Internally, the hatred modeled to me through media made it unsafe to be proud of my milk chocolate complexion. My kinky, coily hair was labeled "unruly." My booming voice—too loud. The curves of my body—too much. I began to wonder if I was too much, or not enough, depending on the space I was in.
Externally, when I turned to the screen to try and find myself, I saw bits and pieces. But those pieces were usually fragmented and filtered through a narrow lens. Dark-skinned Black women existed, but we were often side characters—the comic relief, the magical helper, the best friend to the white or lighter-skinned lead. And when we were centered, we were mystical, wise, flawless, or broken. Never fully human. Never allowed contradictions. Never allowed softness unless it served someone else.
Dr. Ebony Elizabeth Thomas (2019) names this archetype as the Dark Other: a being designed to walk alongside white main characters and assist them on their hero’s journey. We are made monstrous, magical, or tragic, but never centered for our own sake. In many ways, even the roles I cherished still carried this burden. I loved Whoopi Goldberg in Sister Act and Sister Act II. She was riotous, brilliant, deeply herself. But even there, I understood that her power was often framed in relation to how it helped others grow.
Thomas (2019) offers an alternative framework: The Dark Fantastic.
A reimagining of Black girls in fantasy, not as assistants in someone else's mythos but as full beings. With inner lives. With their own stakes. With choices not dictated by how they help or heal others, but simply by what they want and need. It is through this lens that I began the slow process of unlearning the tropes.
That unlearning doesn’t just happen through theory. It happens through immersion in stories that push back. In characters that defy. In women who choose themselves and their communities not as symbols, but as subjects.
That’s why I keep reading and watching. Not for escapism alone, but for reclamation. To fill the gaps where my identity was flattened. To heal the little girl who only saw herself as someone else's plot twist.
If you're on this journey too, if you're beginning to unlearn the tropes that shaped your sense of worth, here are some texts and series that have helped me reclaim and rebuild:
Read:
Bailey, M. (2021). Misogynoir transformed: Black women’s digital resistance. NYU Press.
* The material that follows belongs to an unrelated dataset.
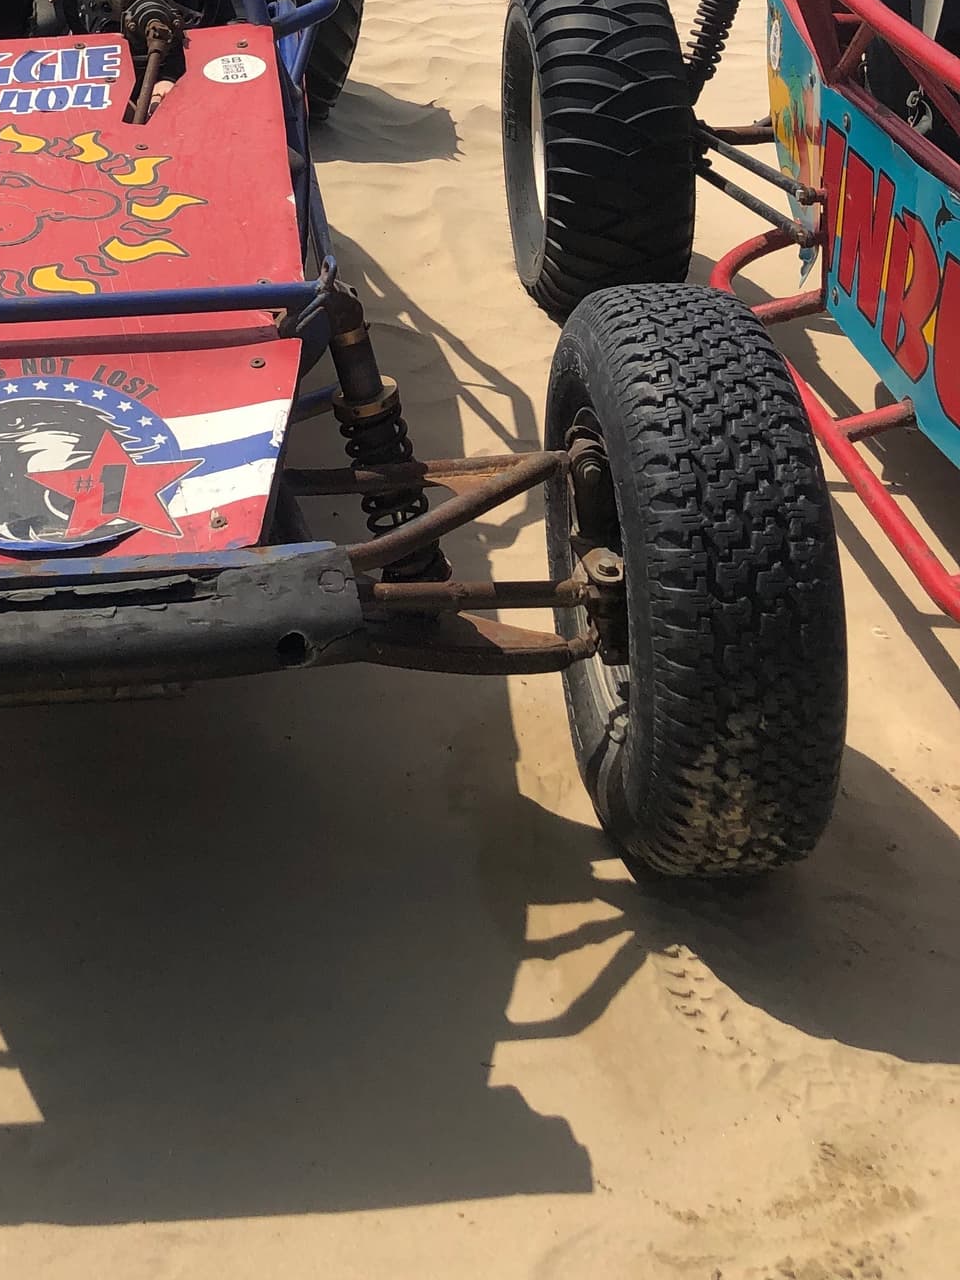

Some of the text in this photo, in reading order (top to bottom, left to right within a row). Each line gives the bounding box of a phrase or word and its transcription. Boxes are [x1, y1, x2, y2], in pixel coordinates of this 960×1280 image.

[22, 357, 75, 376] NOT
[92, 364, 159, 401] LOST
[76, 464, 127, 513] #1
To truly understand the term and it’s influences on the Black femme identity. A MUST READ!
Thomas, E. E. (2019). The dark fantastic: Race and the imagination from Harry Potter to the Hunger Games. NYU Press.
This book presents a theoretical understanding of how media representation affects the Black female body in fantasy.
ebonyjanice. (2023). All the Black girls are activists: A fourth wave womanist pursuit of dreams as radical resistance. Broadleaf Books.
Redefining feminism and womanism through the lens of the Black female voice and body.
Watch:
Ironheart (Disney+, 2025) – Created by Chinaka Hodge
This series doesn’t just feature a Black girl genius, it centers her grief, brilliance, rage, and power as a full human arc. Riri Williams is not a trope; she’s a reckoning.
Scandal (Netflix, 2012) – Shonda Rhimes
This gave us Olivia Pope, a Black woman who was messy, brilliant, powerful, and complicated; a lead character who didn’t exist just to heal or help someone else.
The Changeling (Apple+, 2023) – Directed by Melina Matsoukas
This surreal horror-fantasy uses parenthood, mythology, and Black interiority to tell a haunting and poetic story that resists easy categorization.
These stories don’t fix the long legacy of misogynoir. But they offer a different map. One that doesn’t require our pain to justify our presence. One that doesn’t ask us to perform palatability to be seen. One where we are already worthy, already real, already whole.
Because we have always been all that. We were just waiting for the lens to adjust.